「手応え、あったんですよ。引っ張った左中間だったら入る。でも、右中間だったから(本塁打の)確信はない。だから、万歳してるのに、途中で『いけ、いけ』って、言うてるんよね」
しかし、そんな祈りは、もはや必要はなかった。力強い打球は真っすぐに、右中間席へと飛び込んだ。
「あれ、レフト方向やったら、打者として、まだまだなんよ。右中間に打てたのが、すごくうれしかった。ああいう風に打ったら、ああいう風に飛ぶ。今までやってきたことがあそこでできた。理想のバッティングですよ」
映像で、何度もその「理想の一打」を見返したという。
松坂が「えっ、うそやろ」という顔をしているのも、はっきりと見て取れた。ショックだったのだろう。

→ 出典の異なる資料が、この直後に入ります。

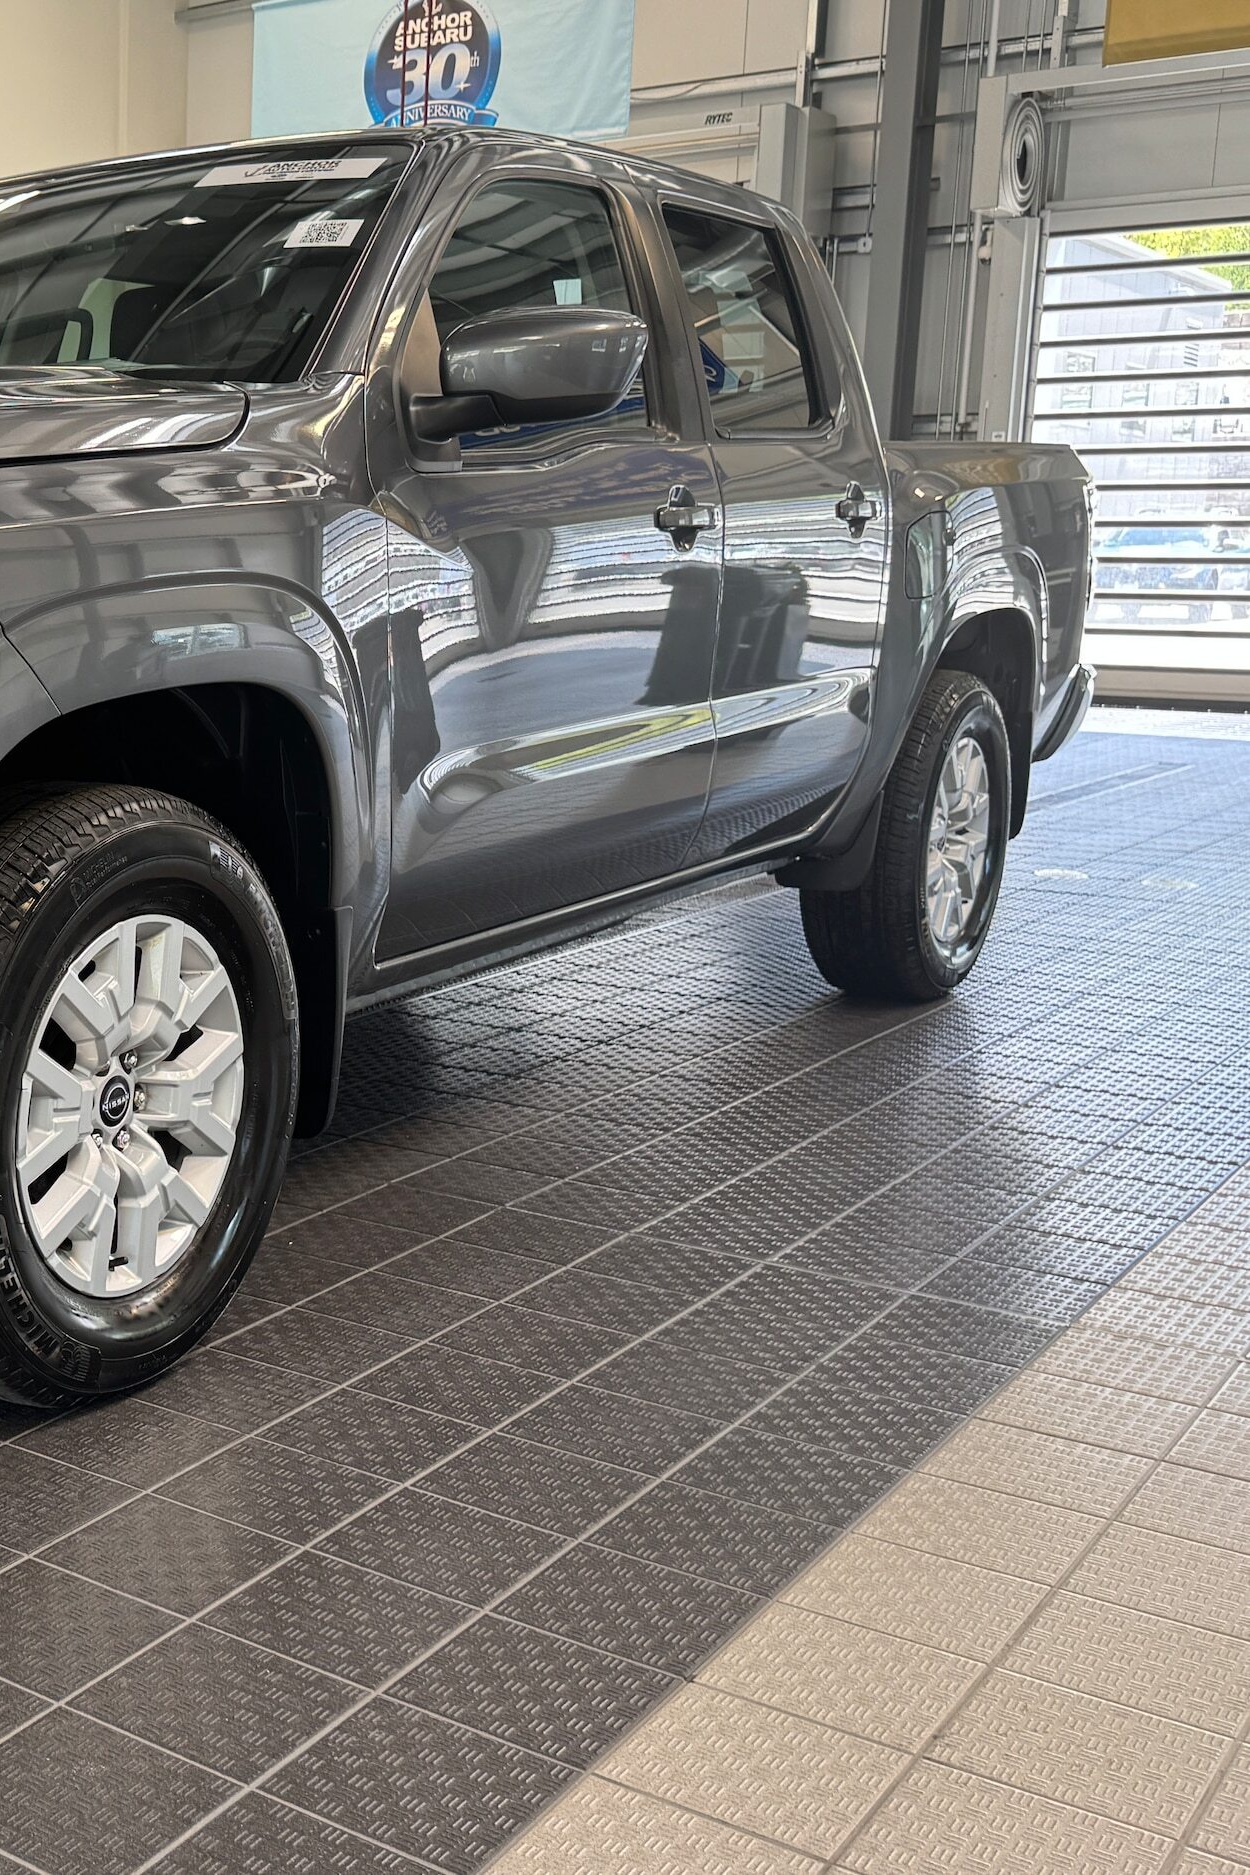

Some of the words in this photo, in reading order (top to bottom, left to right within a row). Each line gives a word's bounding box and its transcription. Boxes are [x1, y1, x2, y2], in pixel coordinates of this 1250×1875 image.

[395, 11, 472, 37] ANCHOR
[394, 26, 473, 52] SUBARU
[704, 112, 733, 125] RYTEC
[102, 1092, 130, 1111] NISSAN
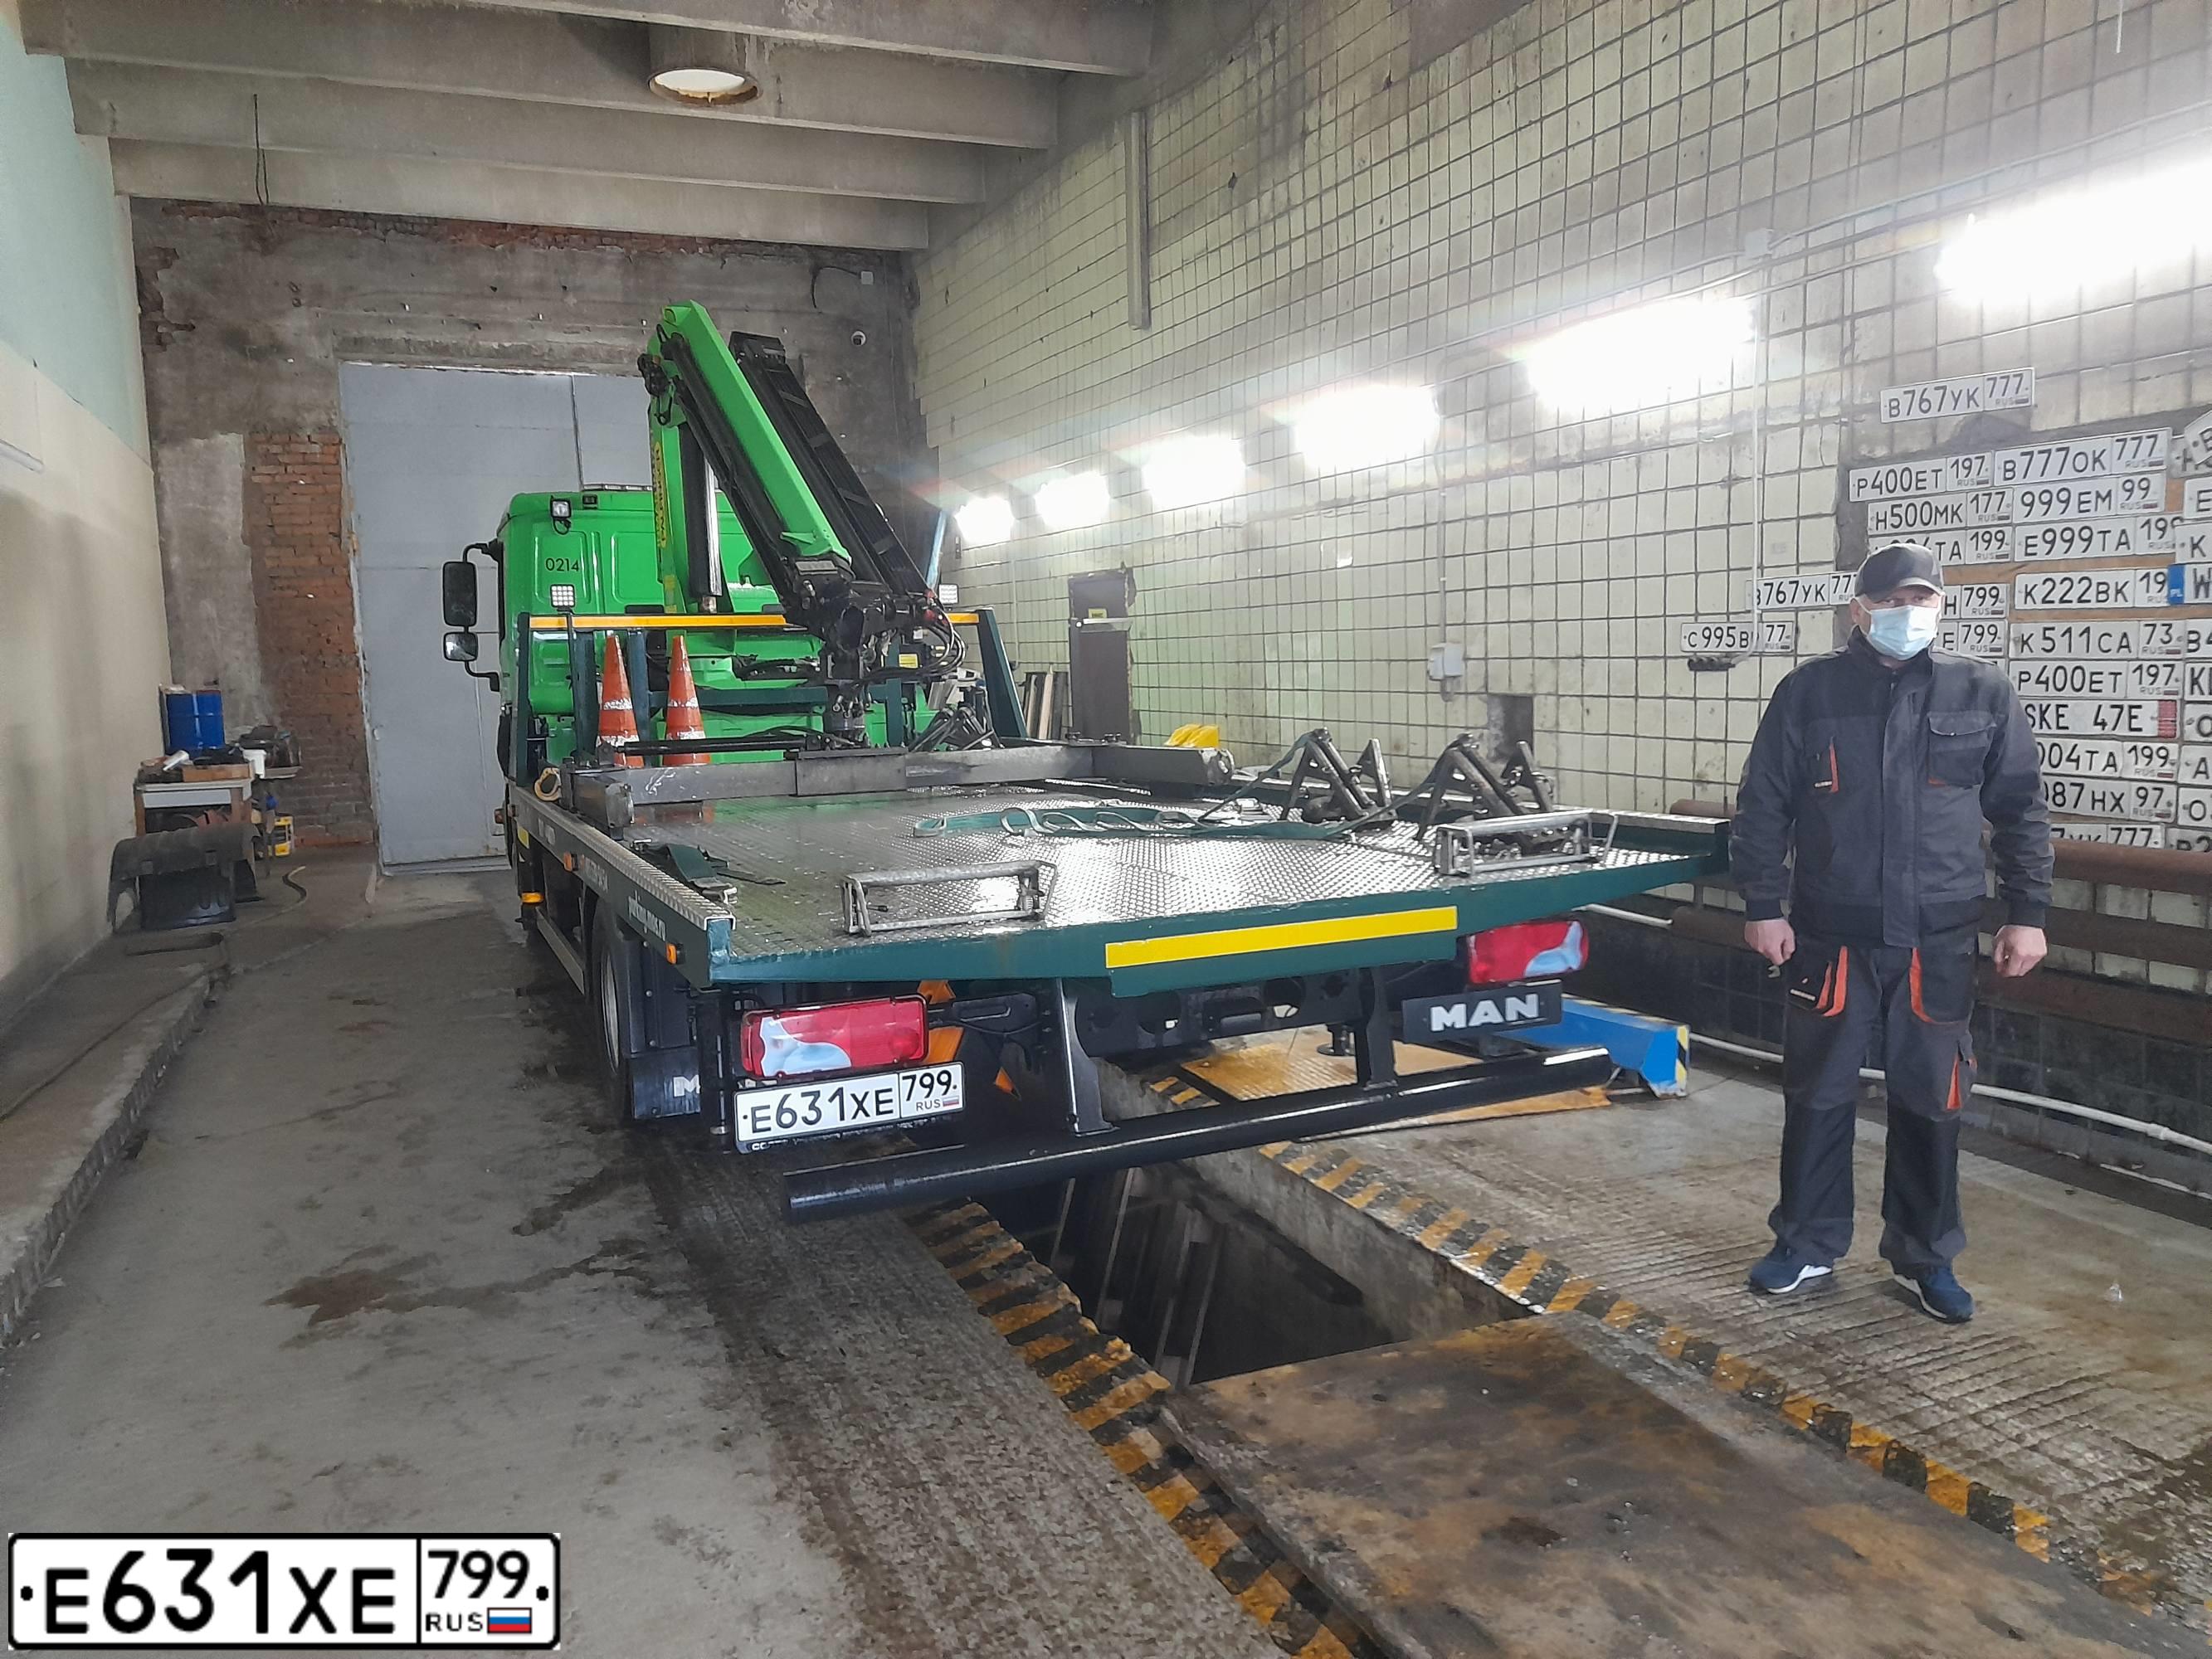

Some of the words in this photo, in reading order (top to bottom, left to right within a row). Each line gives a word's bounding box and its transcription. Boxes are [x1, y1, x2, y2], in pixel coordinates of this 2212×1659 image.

[1888, 385, 1980, 417] В767УК
[1986, 373, 2024, 398] 777
[2003, 446, 2107, 481] В777ОК
[2115, 435, 2158, 460] 777
[1857, 467, 1943, 498] Р400ЕТ
[1951, 455, 1986, 479] 197
[2122, 477, 2151, 501] 99
[1875, 500, 1963, 531] Н500МК
[1970, 491, 2006, 513] 177
[1969, 530, 2005, 551] 199
[2024, 526, 2131, 556] Е999ТА
[545, 557, 579, 572] 0214
[1832, 573, 1857, 594] 77
[1963, 586, 2000, 607] 799
[2024, 577, 2130, 604] К222ВК
[1766, 625, 1786, 641] 77
[1961, 624, 1998, 644] 799
[2020, 625, 2132, 654] К511СА
[2144, 623, 2172, 645] 73
[2018, 664, 2122, 693] Р400ЕТ
[2132, 664, 2175, 686] 197
[2093, 704, 2143, 732] 47E
[2127, 745, 2169, 767] 199
[2136, 786, 2164, 808] 97
[1430, 994, 1539, 1032] MAN
[751, 1087, 894, 1134] Е631ХЕ
[902, 1069, 953, 1102] 799
[915, 1098, 941, 1112] RUS

右中間スタンドに、中村の打球が飛び込んだ瞬間、両手を膝につき、下を向いたまま、身動き一つ取らなかった。中村が本塁付近で、歓喜の近鉄ナインにもみくちゃにされているとき、やっと顔を上げ、三塁側ベンチへと歩いていった。ベンチ奥へ、松坂の姿が消えた。その瞬間だった。
「ガンガラ、ガガーン」
けたたましい金属音を、西武ナインの耳が捉えていた。
当時、ベンチ裏にはスタンド型の灰皿が置かれていた。松坂は、悔しさのあまり、その灰皿を蹴飛ばして、ロッカーに入っていった。金属製の灰皿が通路に倒れ、灰まみれの水も飛び散っていた。
それほどまでに、松坂は悔しかった。プロ3年目で、初めて食らったサヨナラ弾。常に真っ向勝負の中村に、真っ向から挑んで、完璧にやられたのだ。
「ホント、彼とはいい戦いができたんよ」
その松坂が、自分と同じユニホームと背番号で、復活の舞台に挑む。中日入団が決まって以来、中村は松坂の動向に注目し続けてきたといい、TVニュースなどでも、その投げるシーンを、関心を持って見てきたという。かつてのライバルを、どうみているのか。
ちょっと“解説”してもらった。
「どこか痛い箇所とか、気になるところがあるのかなとは思うね。怪我して、変なクセがついたから、いろんなことを試しながら、元に戻そうとしている。試行錯誤をしているのは、分かるよね」
中村が気になったのは、松坂が力んだと見えたときに、ストレートがワンバウンドするようなケースがあることだ。
「あんな引っかけた球って、なかったもんな。繊細なリリースポイントの力がなくなっているのかなというのは感じる。でも、松坂だって、何歳? 37歳? もう、スタイルをチェンジするときに来ているしね」
だからこその、打者目線でのアドバイスだった。